A tale as old as human time?
Perhaps.
But what makes it difficult to change the story for the future is that we keep on repeating all the mistakes of the past, never learning, never practicing, never investing into what leads us to an environment supportive of human growth potential. We run counter to our best, with the economy driving supply and demand behaviours that crush human potential in order to increase bottom lines, making it increasingly difficult for any individual to improve, because the environment they are raised within is degrading.

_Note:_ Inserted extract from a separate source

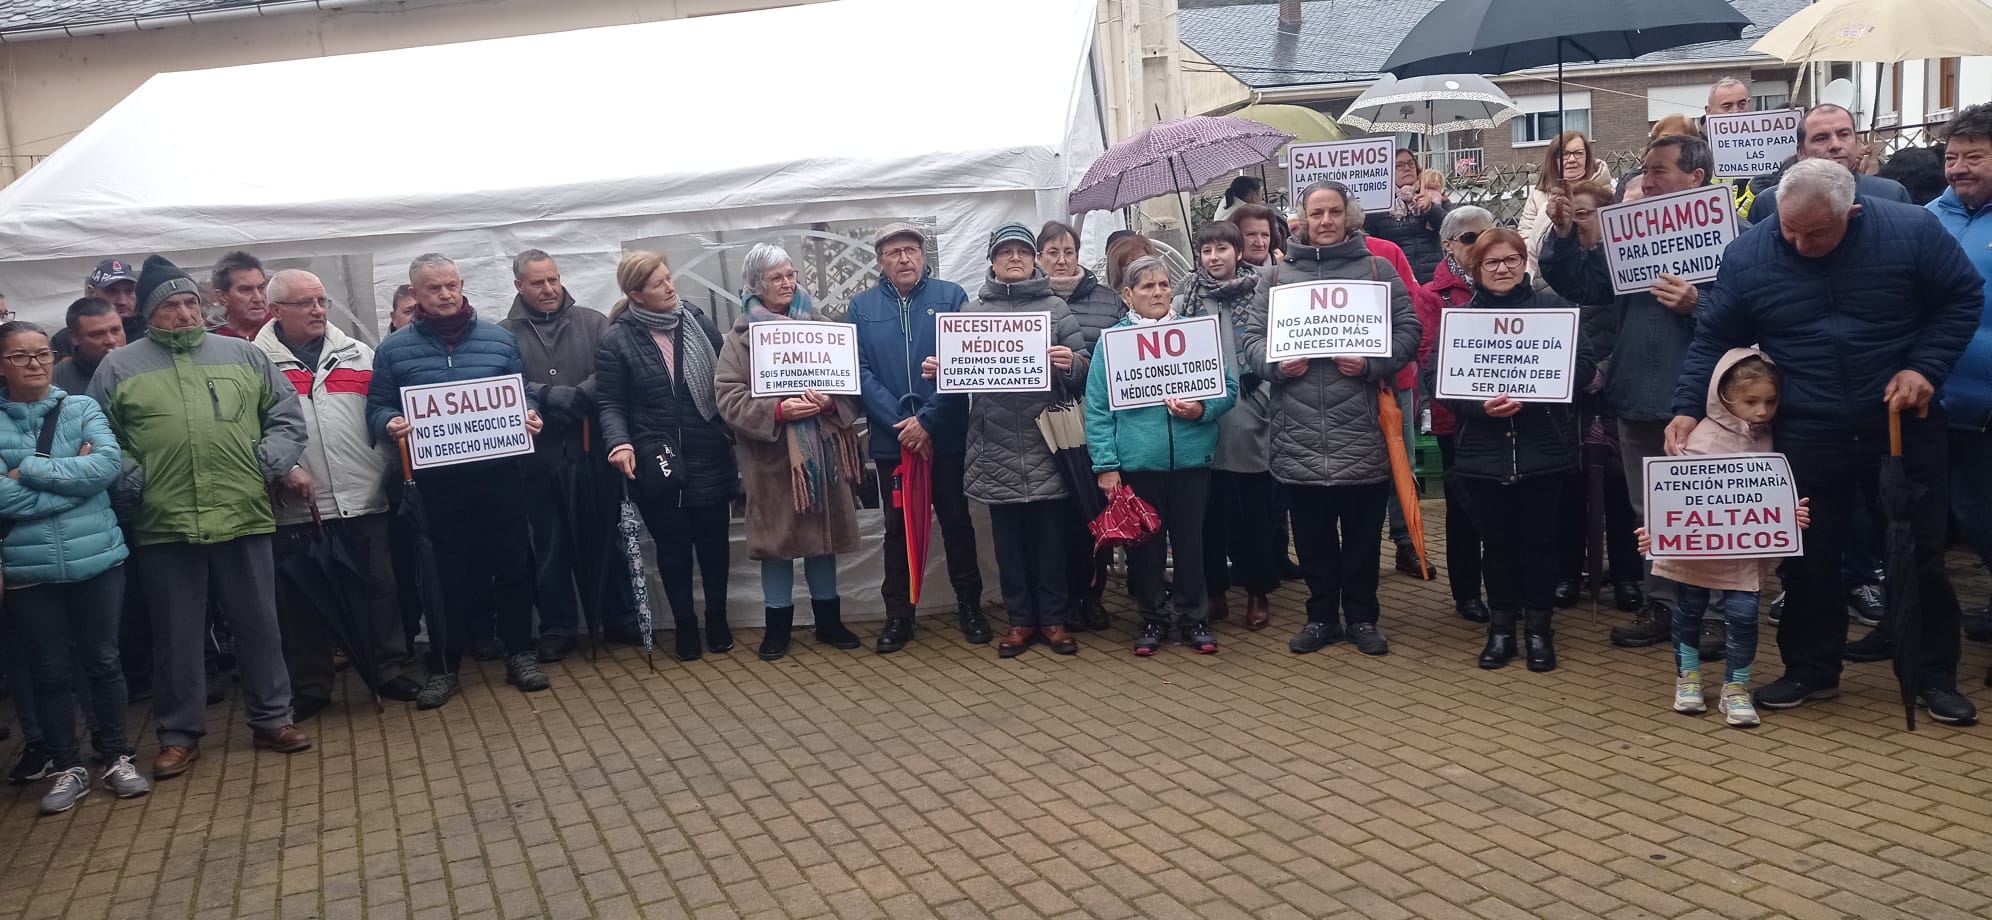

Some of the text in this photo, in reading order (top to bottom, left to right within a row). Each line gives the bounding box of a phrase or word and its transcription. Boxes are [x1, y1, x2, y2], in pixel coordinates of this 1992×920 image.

We are products of our environment.
Where and the way we are raised, the community we are within, the beliefs we are instilled with, the programming we are influenced by - everything that happens to us, and everything we do, shapes us. And we are not getting better, we are not improving the ecosystem of life for the next generations, and we are not even making our lives better now.
Do you think you are?
You might be. At least, you might believe you are improving the world for yourself or your children, but ultimately, it will amount to nought. Because no matter who you are, or how much you have, you, like all of us, are destined to be within the world we have. No one is outside it, no one is larger, no matter how much wealth and power held. We are all trapped here, together.
You might have designs on heading into space to escape the rest of us, but that path is not a saviour. One might survive, but that doesn't mean freedom. Instead, the sins of the past will forever weigh heavy, the failure. And if it does not, then that speaks volumes also - but it will.
None of us get out unscathed.
As I see it, survival as a human isn't about maintaining life, it is about building the species outward in ways that make it increasingly robust and able to deal with experience. It is not about who makes the most money, it is about how much wellbeing we make as a society. To do this, we need to apply skills and resources in the right locations, to invest into what matters, even if it is "expensive" compared to the legacy economic practices.
Efficiency isn't the goal, human impact is.
That isn't to say we shouldn't look for efficiencies, because we should. But where we apply process for efficiency is in areas that improve humanity, not profits. If we still have to have a monetary system and let's assume that we must for some time still, then we have to align it with our wellbeing, where success is directly tied to human improvement.
That requires energy, environmental security, and human wellbeing.
We can do better, but doing better personally isn't enough, if it is leading to others doing worse. We have to be a net positive, and the investment focus should be toward increasing the gap between good and harm, where we are continuously adding positive value, whilst decreasing negative.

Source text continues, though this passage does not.